La contaminación de hollín derivada de los lanzamientos de satélites de 'megaconstelación' se está acumulando en la atmósfera superior, representando actualmente el 42% del impacto climático total del sector espacial, según un análisis del University College de Londres publicado en la revista Earth’s Future. Este hollín, que incluye carbono negro, permanece en la atmósfera mucho más tiempo que el generado por actividades terrestres, aumentando su efecto sobre el clima en 500 veces.

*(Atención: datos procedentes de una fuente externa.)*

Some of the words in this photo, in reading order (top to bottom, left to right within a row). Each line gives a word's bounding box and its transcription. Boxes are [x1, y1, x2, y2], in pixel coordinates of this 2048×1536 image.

Los datos recopilados entre 2020 y 2022 evidencian un crecimiento en el impacto climático de estas megaconstelaciones, que se espera alcance el 42% en 2029. La emisión de hollín no solo reduce la cantidad de luz solar que llega a la superficie terrestre, sino que su acumulación podría mimetizar efectos de geoingeniería, aunque con beneficios mínimos en comparación con el aumento de temperatura global proyectado.

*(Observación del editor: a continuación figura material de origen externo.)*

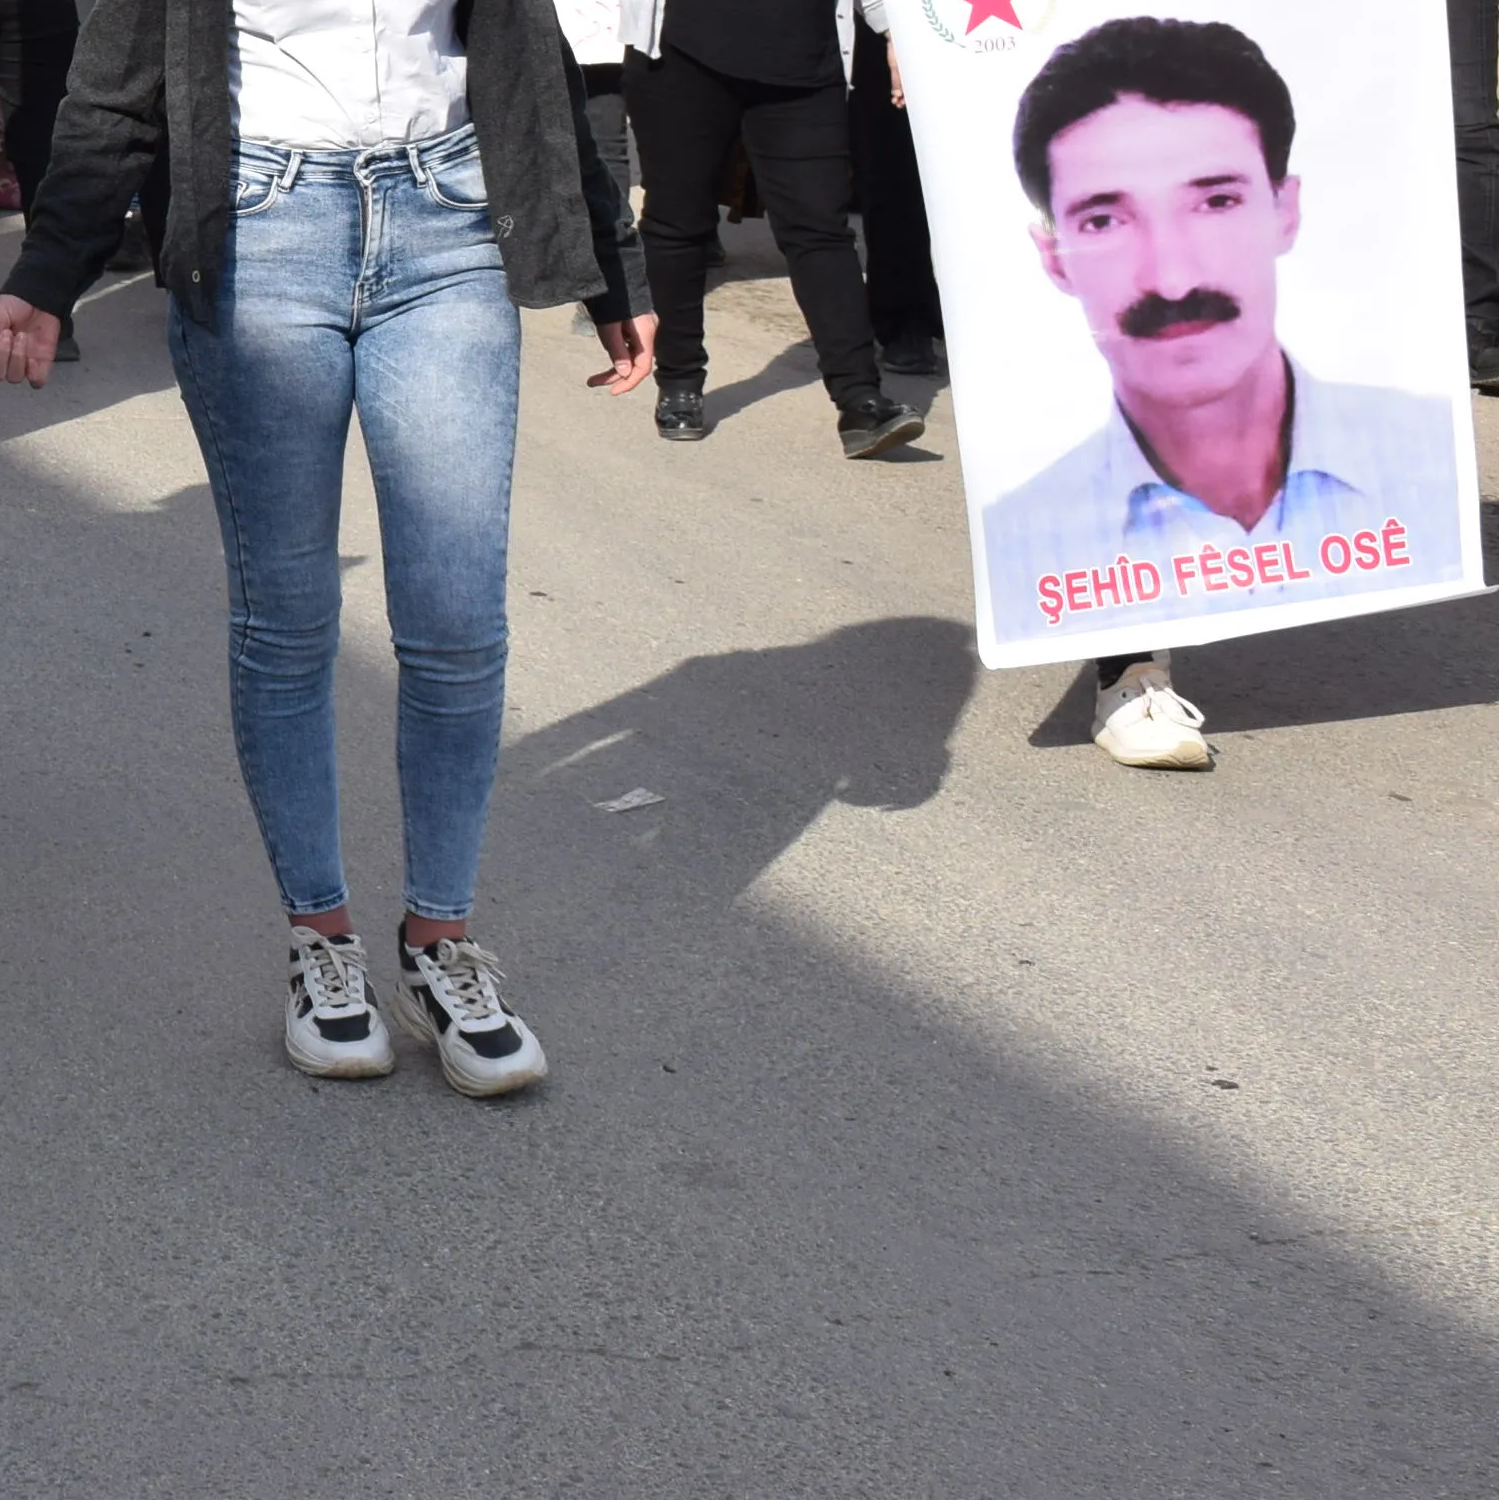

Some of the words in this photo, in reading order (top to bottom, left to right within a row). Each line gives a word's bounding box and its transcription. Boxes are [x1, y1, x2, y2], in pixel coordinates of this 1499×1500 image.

Los lanzamientos anuales de cohetes han crecido significativamente, pasando de 114 en 2020 a 329 en 2025, impulsados principalmente por cohetes Falcon 9 de SpaceX. Estos lanzamientos no solo liberan hollín, sino también sustancias que degradan la capa de ozono, lo que plantea un grave desafío ambiental que los investigadores consideran aún manejable si se toman medidas adecuadas a tiempo.